Translated by
Nicola Mira
Published
Jun 28, 2024
At the annual conference of the Alliance du Commerce, the French retailers association, held in central Paris on June 27, a round-table debate focused on the strategies adopted by fashion chains as they deal with the apparel market’s ongoing transformation. Three panellists, Virginie Reiss (managing director of Inditex France), Isabelle Guichot (CEO of the SMCP group) and Joannes Soënen (managing director of Jules) shared their views, discussing the role of physical stores, the resale market, and the potential of AI, as reported below.

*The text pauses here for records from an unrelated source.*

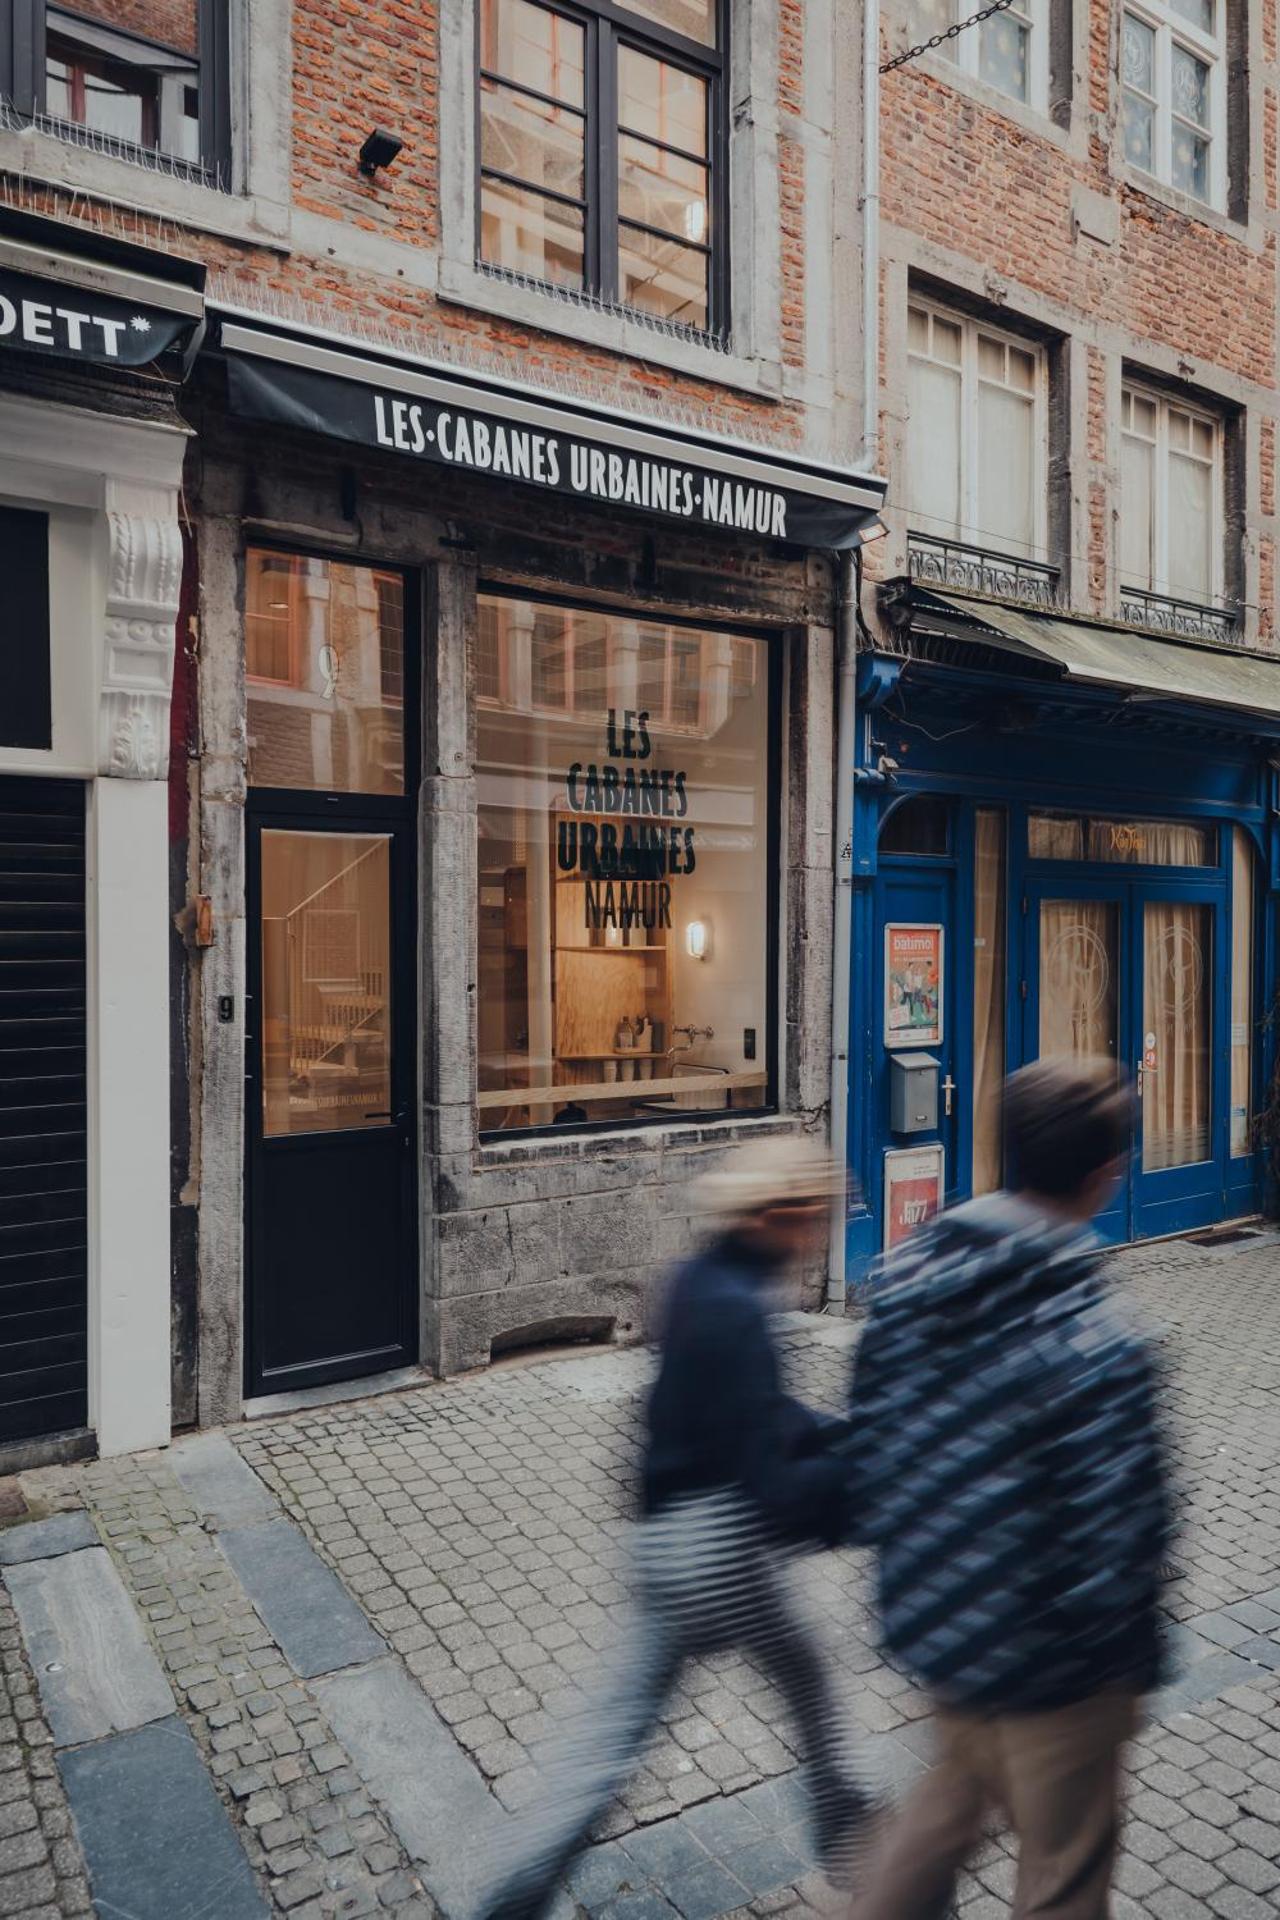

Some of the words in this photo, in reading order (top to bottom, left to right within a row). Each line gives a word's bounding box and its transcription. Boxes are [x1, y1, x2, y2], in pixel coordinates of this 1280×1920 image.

[608, 708, 651, 759] LES
[567, 762, 688, 817] CABANES
[558, 821, 696, 875] URBAINES
[584, 880, 672, 929] NAMUR
[221, 996, 233, 1020] 9

Guichot’s first observation was that top executives need to “manage uncertainty at a time when the industry is reinventing itself.” A situation in which it is “crucial to be agile.” The SMCP group she leads, which generated a revenue of €1.213 billion in 2023, “is investing heavily in technology” to adapt to new solutions and to new preferences on the part of consumers, who expect “a seamless experience in-store and online.” To motivate shop assistants, SMCP is now giving them a commission on click & collect sales.
To generate sales where consumers are, the group, owner of Sandro, Maje, Claudie Pierlot and Fursac, “is redeploying geographically.” Guichot has for example recently visited India, where SMCP will be opening stores by the end of 2024. She believes that brick-and-mortar shops (which account for 78% of the group’s revenue) still have a role to play. Reiss of Inditex France is of the same opinion, and said that the Spanish group is relying on highly diverse premium retail concepts to “generate emotion.” She cited the fitting rooms that look like showers at the recently opened Bershka flagship on rue de Rivoli in Paris, and the clean, pared-down layout of the Zara store on the Champs-Elysées, “which has changed its décor four times in a year,” to suit the needs of customers who want to be treated in a personalised way. “At Inditex, we have the right to make mistakes, and this is essential to have the courage to test new solutions,” added Reiss.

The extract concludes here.